What the task asks: All of the data below is to be repeated exactly, except for the pictures.

Information shown:

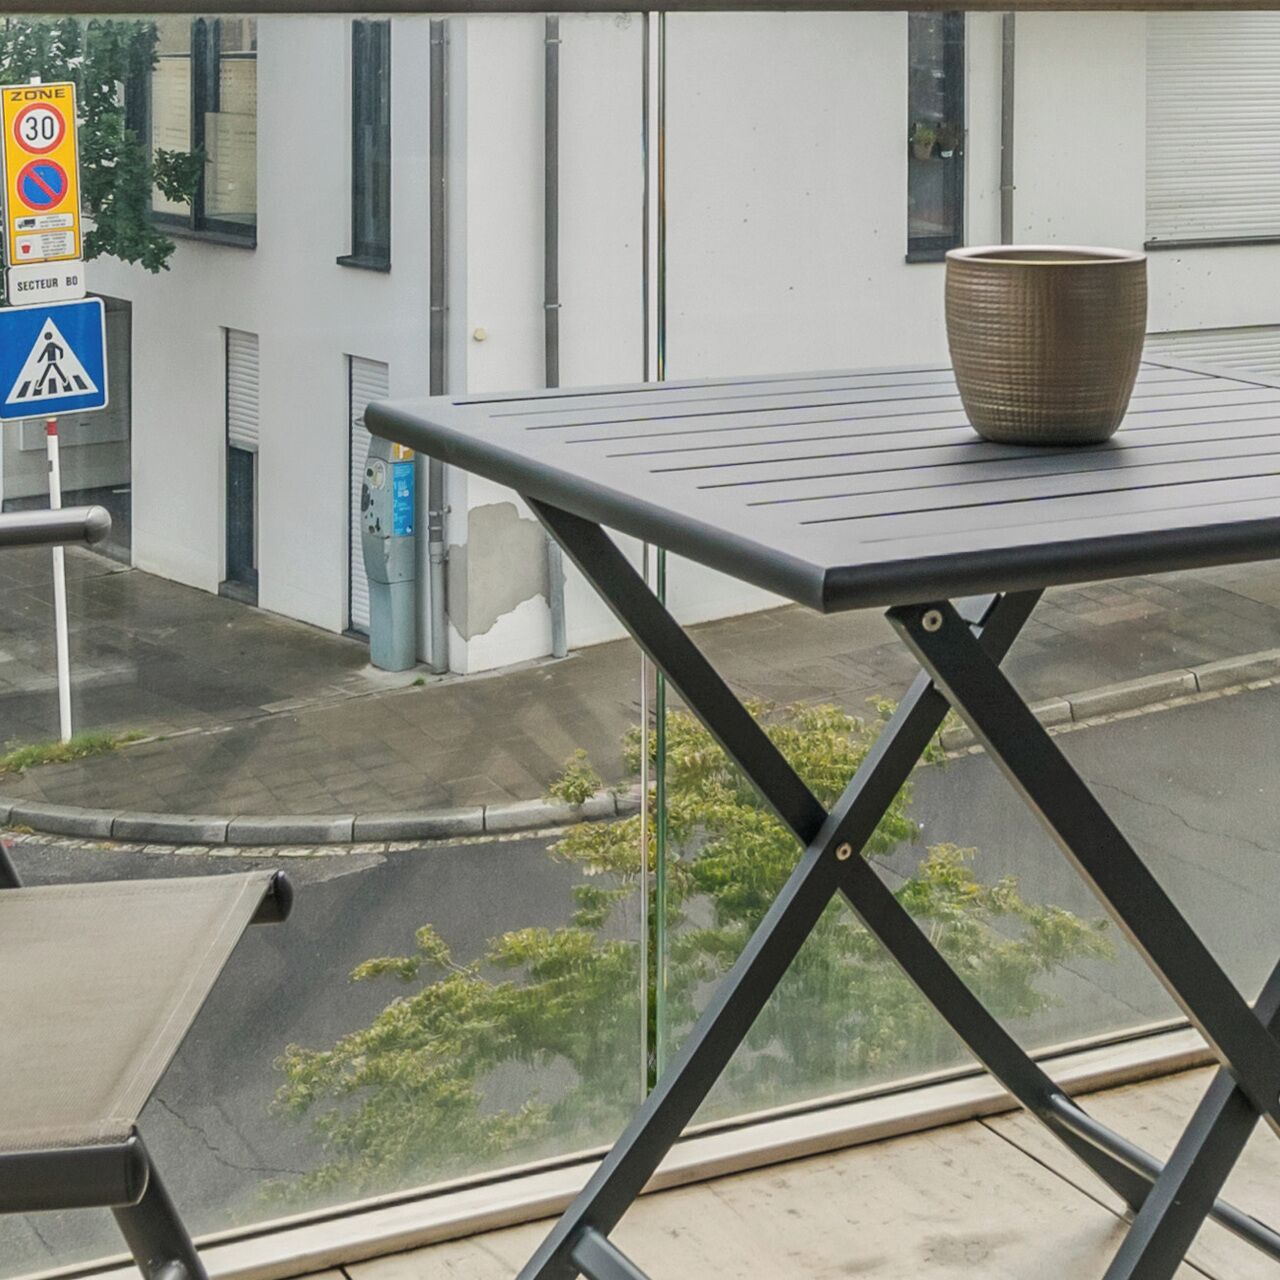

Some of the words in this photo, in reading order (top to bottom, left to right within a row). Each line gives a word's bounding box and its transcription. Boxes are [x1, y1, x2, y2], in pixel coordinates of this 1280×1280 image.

[11, 89, 66, 102] ZONE
[25, 116, 55, 141] 30
[17, 278, 59, 292] SECTEUR
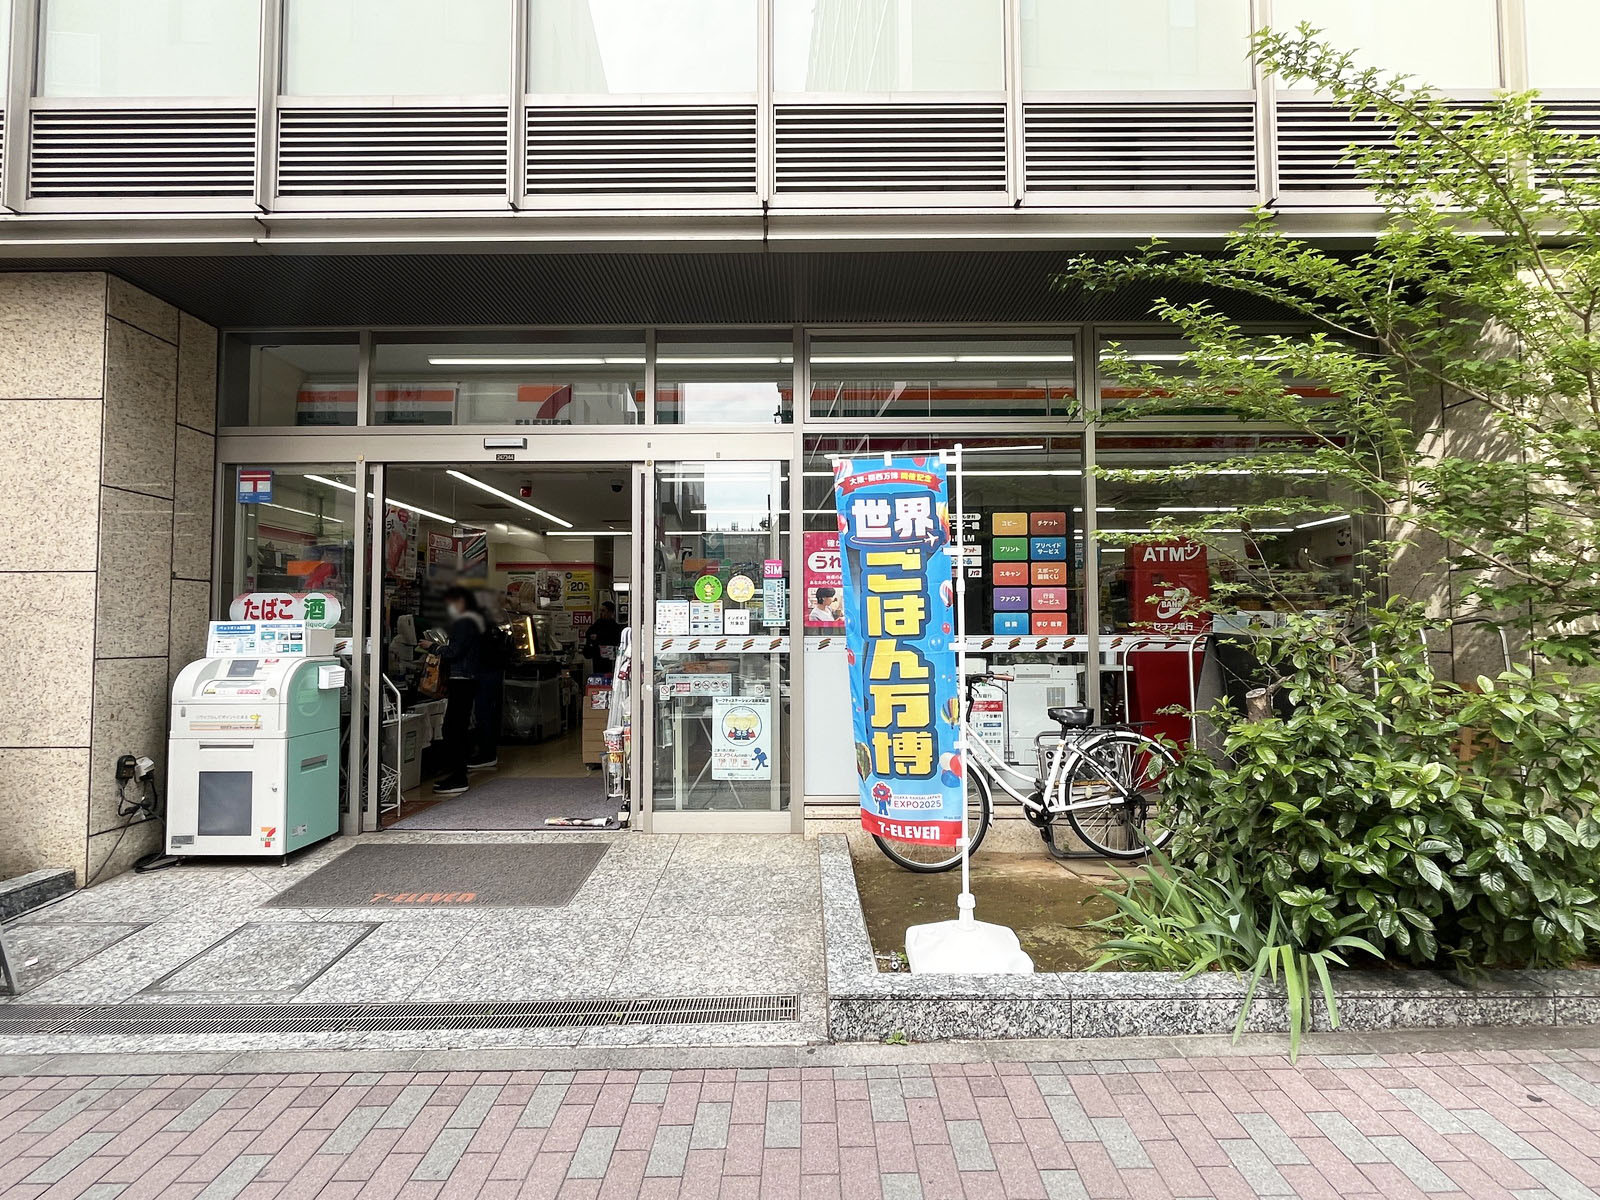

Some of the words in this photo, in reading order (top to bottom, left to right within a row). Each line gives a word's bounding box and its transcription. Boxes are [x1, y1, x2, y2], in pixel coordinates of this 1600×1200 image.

[851, 496, 934, 538] 世界
[1142, 546, 1185, 562] ATM
[764, 565, 783, 575] SIM
[243, 597, 294, 620] たばこ
[303, 598, 326, 620] 酒
[573, 615, 592, 624] SIM
[865, 547, 933, 776] ごはん万博
[893, 800, 942, 809] EXPO2025
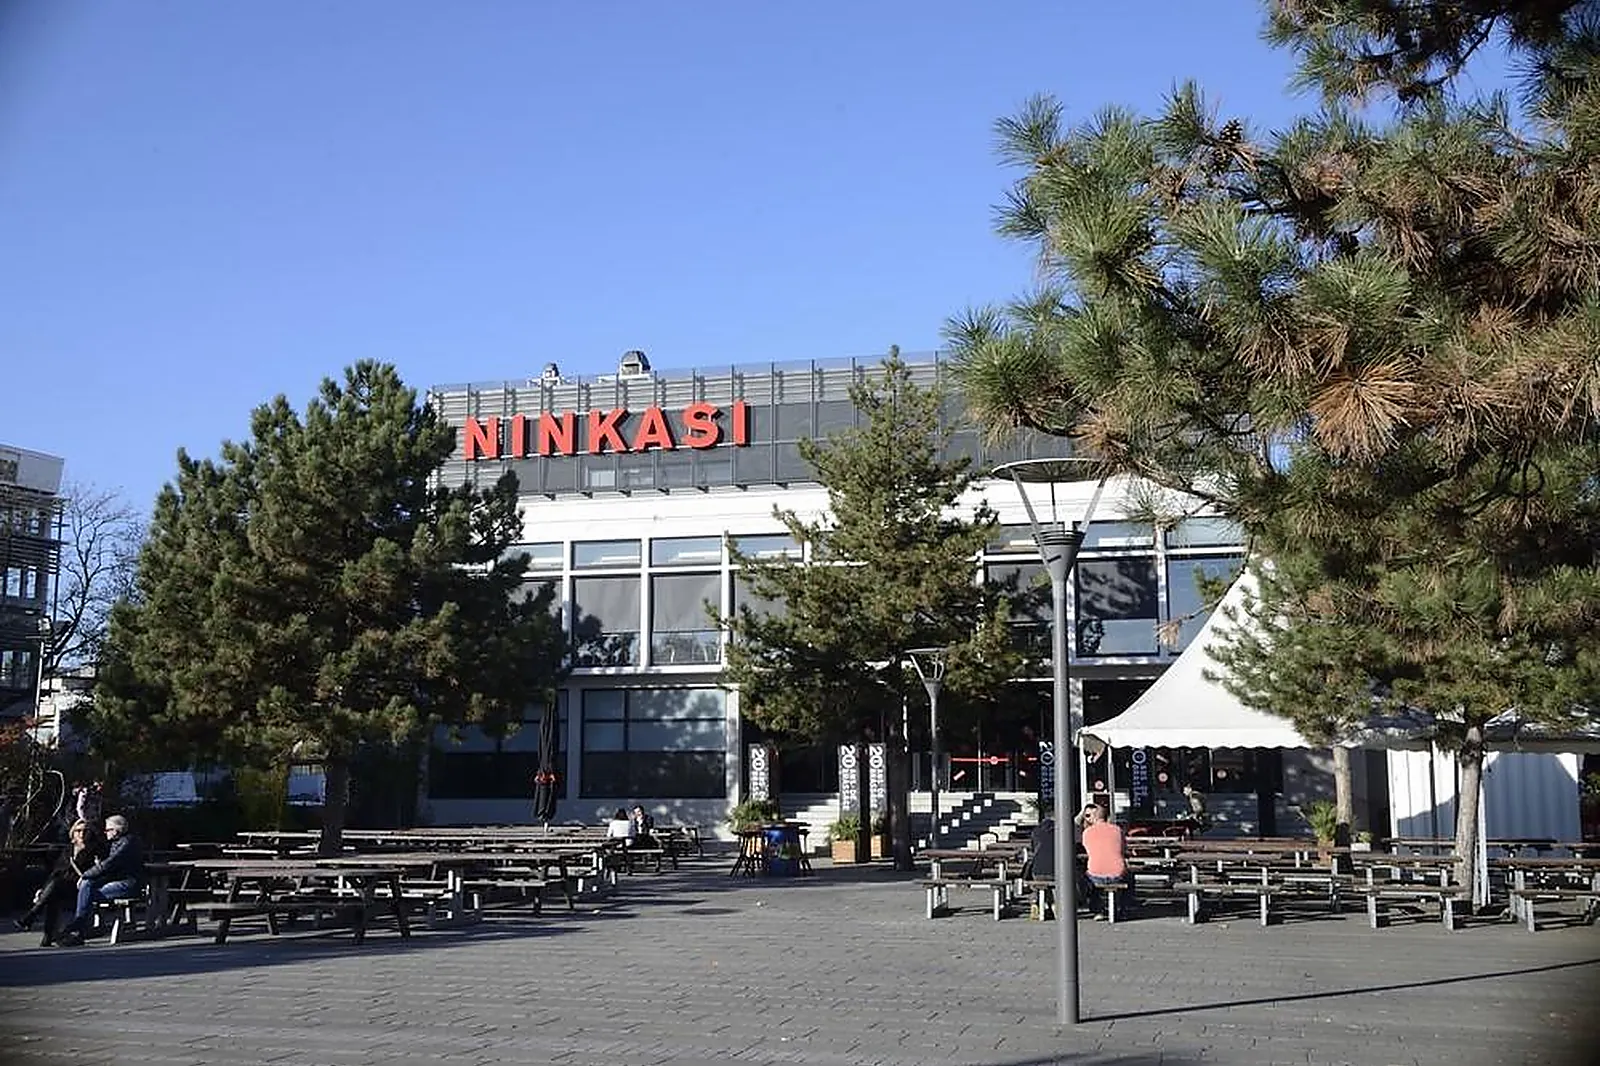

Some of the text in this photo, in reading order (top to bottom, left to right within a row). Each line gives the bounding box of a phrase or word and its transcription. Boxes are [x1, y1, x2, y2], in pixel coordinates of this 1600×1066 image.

[464, 400, 746, 461] NINKASI
[752, 748, 765, 771] 20
[841, 745, 856, 769] 20
[869, 745, 883, 769] 20
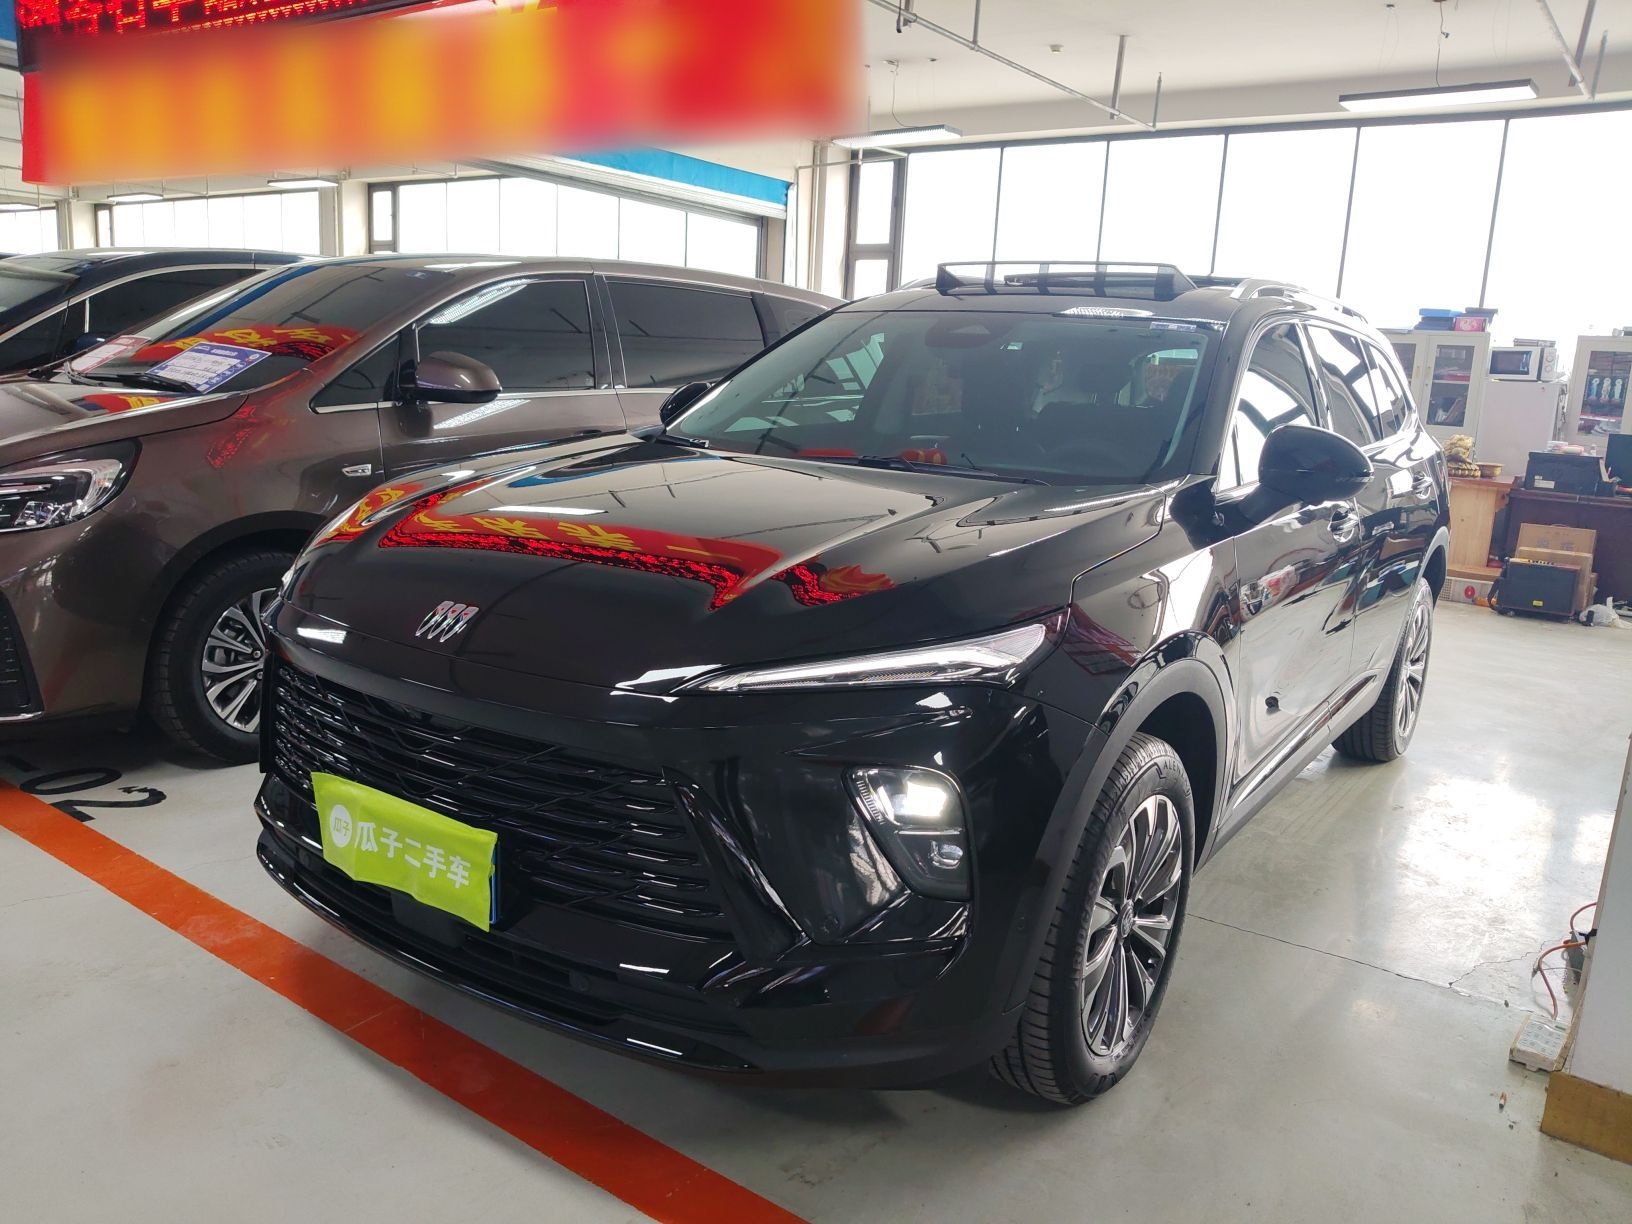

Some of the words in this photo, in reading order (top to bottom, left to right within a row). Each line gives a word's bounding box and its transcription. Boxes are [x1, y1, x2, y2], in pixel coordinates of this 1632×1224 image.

[5, 755, 167, 822] 02
[333, 815, 350, 838] 瓜子
[354, 821, 472, 889] 瓜子二手车

Your response:
Some of the words in this photo, in reading order (top to bottom, left to right within a row). Each line gives a word's bounding box and its transcription. Boxes are [x1, y1, x2, y2], in pixel coordinates of this 1280×1280 image.

[11, 89, 66, 102] ZONE
[25, 116, 55, 141] 30
[17, 278, 59, 292] SECTEUR

Some of the words in this photo, in reading order (top to bottom, left to right within a row). Each line gives a word's bounding box and its transcription. Boxes are [x1, y1, x2, y2], in pixel coordinates of this 1600×1200 image.

[851, 496, 934, 538] 世界
[1142, 546, 1185, 562] ATM
[764, 565, 783, 575] SIM
[243, 597, 294, 620] たばこ
[303, 598, 326, 620] 酒
[573, 615, 592, 624] SIM
[865, 547, 933, 776] ごはん万博
[893, 800, 942, 809] EXPO2025

Some of the text in this photo, in reading order (top to bottom, left to right within a row). Each line gives the bounding box of a phrase or word and its transcription. Boxes are [x1, y1, x2, y2], in pixel coordinates of this 1600×1066 image.

[464, 400, 746, 461] NINKASI
[752, 748, 765, 771] 20
[841, 745, 856, 769] 20
[869, 745, 883, 769] 20

Some of the words in this photo, in reading order (top to bottom, left to right within a row). Each line gives a word's bounding box and its transcription. Boxes are [x1, y1, x2, y2], in pixel coordinates of this 1632×1224 image.

[5, 755, 167, 822] 02
[333, 815, 350, 838] 瓜子
[354, 821, 472, 889] 瓜子二手车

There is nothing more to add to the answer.